Luckily, Notre Dame had already brought in a Burwood team to help upgrade their DMARC compliance. The IT department had collaborated with Burwood on another project before and they knew that Burwood consultants had the deep domain knowledge to make a difference in achieving their goals. They added another Burwood member to the team temporarily to help fill Wehner’s job while on leave and train another staff member in his roles. With the Burwood team on board, the project continued while Wehner focused on his recovery. “We were very lucky to get Burwood consultants in pretty quickly,” he says. “It's been a great relationship. They added the layer of expertise and experience that we needed at the time.”
Thankfully, this story has a happy ending. After a year of treatments, Wehner defied his prognosis. He is now fully recovered and back at his job, with new and improved support. The department has achieved full DMARC compliance since his return and Burwood has helped onboard a new staff member to manage Google Workspace help tickets for the department.
““We were very lucky to get Burwood consultants in pretty quickly. It’s been a great relationship. They added the layer of expertise and experience that we needed at the time.””
Getting Results– Now and Later
Overall, Notre Dame’s collaboration with Burwood achieved several key milestones:
Identified all mail server providers and upgraded authentication to reach 97% DMARC compliance in under six months
Improved data security for Google Workspace by identifying vulnerabilities and establishing new policies
Trained staff in new workloads with no interruption to service
Reduced the number of Notre Dame’s subdomains from 75 to 4 to prevent vector attacks
Audited Google Cloud usage to evaluate ways to reduce costs for the 10,000 cloud projects Notre Dame hosts
These results don’t tell the whole story though. Wehner, for example, would emphasize the camaraderie of working together: “The Burwood consultants were the teammates in our little group who handled all of Google and email. They hit the ground running and added value to us and our operation throughout the engagement. We benefited daily from their expertise and suggestions for improvements.”

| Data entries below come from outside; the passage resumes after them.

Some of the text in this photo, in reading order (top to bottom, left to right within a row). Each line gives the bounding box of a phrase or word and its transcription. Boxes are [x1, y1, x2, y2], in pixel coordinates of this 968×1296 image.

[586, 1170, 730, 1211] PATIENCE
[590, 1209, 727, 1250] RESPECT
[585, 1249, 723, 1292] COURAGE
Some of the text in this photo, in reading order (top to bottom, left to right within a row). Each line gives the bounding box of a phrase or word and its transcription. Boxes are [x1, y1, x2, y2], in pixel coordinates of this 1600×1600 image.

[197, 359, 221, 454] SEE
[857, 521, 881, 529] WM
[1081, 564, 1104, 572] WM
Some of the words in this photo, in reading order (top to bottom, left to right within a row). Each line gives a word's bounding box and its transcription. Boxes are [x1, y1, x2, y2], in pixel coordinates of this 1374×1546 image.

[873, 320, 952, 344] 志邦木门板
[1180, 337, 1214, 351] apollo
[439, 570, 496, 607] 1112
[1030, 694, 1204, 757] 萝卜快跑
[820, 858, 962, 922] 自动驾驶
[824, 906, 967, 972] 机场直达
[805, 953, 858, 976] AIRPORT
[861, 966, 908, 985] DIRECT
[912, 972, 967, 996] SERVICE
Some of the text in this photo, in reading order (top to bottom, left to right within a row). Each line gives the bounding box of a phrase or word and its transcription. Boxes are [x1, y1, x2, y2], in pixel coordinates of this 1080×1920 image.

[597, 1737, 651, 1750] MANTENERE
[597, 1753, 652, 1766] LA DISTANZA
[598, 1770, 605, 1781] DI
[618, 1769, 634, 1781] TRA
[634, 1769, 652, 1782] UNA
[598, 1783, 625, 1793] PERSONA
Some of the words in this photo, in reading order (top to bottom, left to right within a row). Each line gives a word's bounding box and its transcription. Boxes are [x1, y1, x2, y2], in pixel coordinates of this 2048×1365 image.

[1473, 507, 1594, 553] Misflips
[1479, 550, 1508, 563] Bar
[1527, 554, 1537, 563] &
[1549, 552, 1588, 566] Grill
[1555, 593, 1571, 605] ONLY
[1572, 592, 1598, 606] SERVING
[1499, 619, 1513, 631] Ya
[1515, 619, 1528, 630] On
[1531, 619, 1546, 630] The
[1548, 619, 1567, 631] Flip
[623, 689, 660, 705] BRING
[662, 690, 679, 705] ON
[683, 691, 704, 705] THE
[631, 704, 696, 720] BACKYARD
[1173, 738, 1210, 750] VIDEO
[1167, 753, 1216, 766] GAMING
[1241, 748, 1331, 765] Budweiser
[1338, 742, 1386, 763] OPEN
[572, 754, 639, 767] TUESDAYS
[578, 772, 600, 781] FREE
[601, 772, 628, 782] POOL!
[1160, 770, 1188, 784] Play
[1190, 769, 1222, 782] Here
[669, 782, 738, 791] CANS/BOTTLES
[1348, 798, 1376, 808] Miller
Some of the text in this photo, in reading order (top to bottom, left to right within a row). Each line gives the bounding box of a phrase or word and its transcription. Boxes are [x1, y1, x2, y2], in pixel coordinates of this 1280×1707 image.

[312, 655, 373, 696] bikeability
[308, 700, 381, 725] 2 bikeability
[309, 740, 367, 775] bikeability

Disaster recovery is often discussed in terms of data storage and redundant systems, but any department’s most valuable assets are its employees. When teammates struggle, the organization suffers and productivity declines. Wehner points out that “disaster recovery is also a people problem. It’s an abstract problem until it’s not, and you have to plan for that. I was consistently overallocated according to our own metrics. Now I am no longer singularly responsible for this essential IT maintenance.” By engaging Burwood consultants to train and support their internal staff, Notre Dame solved this problem–and the next one.
Founded in Indiana in 1842, the University of Notre Dame is a leading Catholic institution for teaching, research, and scholarship.
Defining Key Terms
What is DMARC?
Domain-based Message Authentication, Reporting, and Conformance (DMARC) is a protocol that fits into an organization’s existing inbound email authentication process. It validates the sender’s information and quarantines any incoming emails that do not comply, thus reducing phishing and other fraudulent messages.
As an award-winning Premier Partner and Reseller with Google Cloud, Burwood Group has worked with many higher education institutions to improve operational efficiency and advance their missions. For example, they helped the University of Wisconsin at Madison develop a secure platform on Google Cloud for sensitive public health research.